Final titers of adipic acid and muconic acid from three stage fermentations for adipic acid synthesis from glucose using the S. cerevisiae strain – ADP2.

Metabolite	Titer (mg L−1)
cis, cis - Muconic acid (ccMA)	> 284
Adipic acid	2.59 ± 0.5

Conclusion

In summary, we have established the experimental conditions for the biosynthesis of an active microbial enoate reductase, an iron-sulfur enzyme, in yeasts and demonstrated the biosynthesis of adipic acid from glucose in S. cerevisiae. A three-stage fermentation strategy was developed to ensure optimal conditions for the biosynthesis of adipic acid and activity of all enzymes involved in the pathway. The successful expression of enoate reductase in S. cerevisiae also allows for engineering novel pathways for the biosynthesis of adipic acid and other chemicals in yeast. Thus, we have designed the first yeast-based biocatalytic system (ADP2) capable of adipic acid biosynthesis from glucose.

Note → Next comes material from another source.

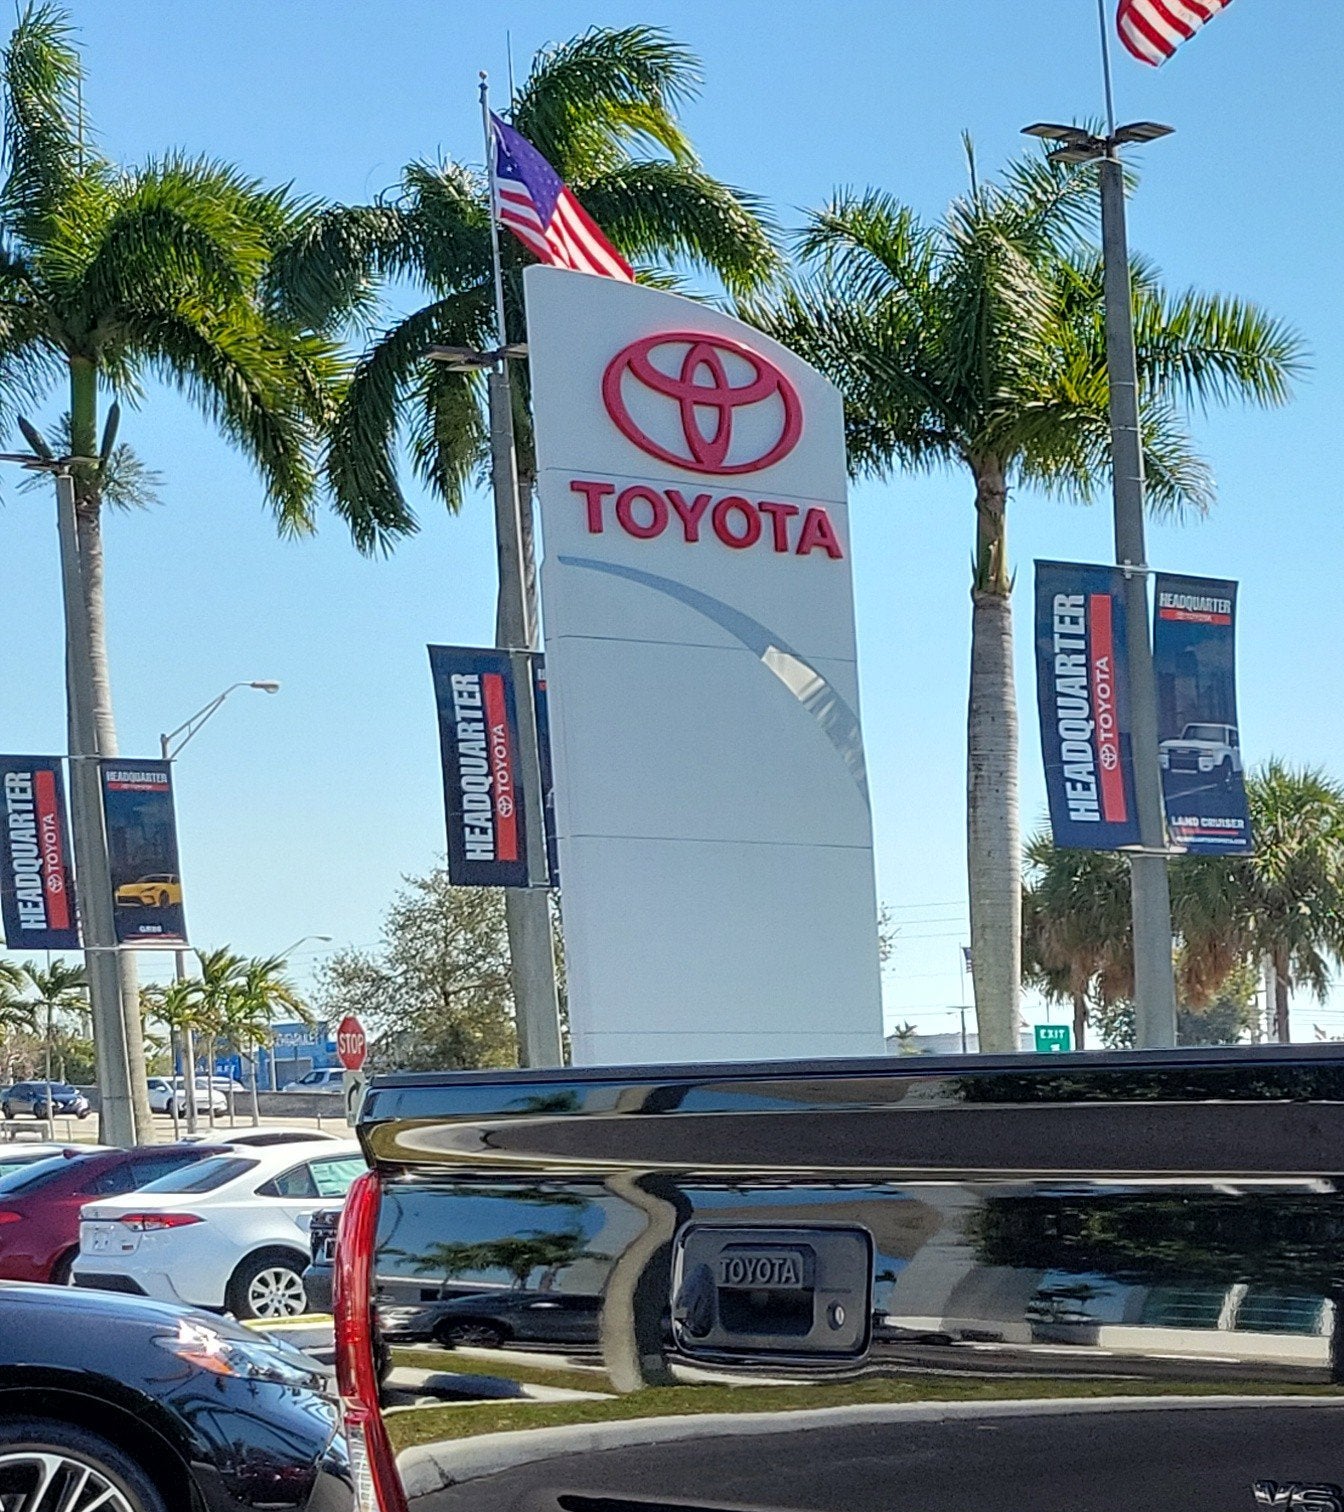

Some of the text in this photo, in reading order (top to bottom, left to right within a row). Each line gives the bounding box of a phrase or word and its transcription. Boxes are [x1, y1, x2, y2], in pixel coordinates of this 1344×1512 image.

Although this yeast strain cannot yet match the efficiency of more established ccMA producing strains (Leavitt et al., 2017), our work expands the biocatalytic toolkit and opens several avenues for engineering organisms that are capable of producing adipic acid from glucose at low pH. Future efforts will be directed towards further improvements in expression and activity of enoate reductases in yeast cells and also, the metabolic optimization of the bioconversion of glucose to adipic acid.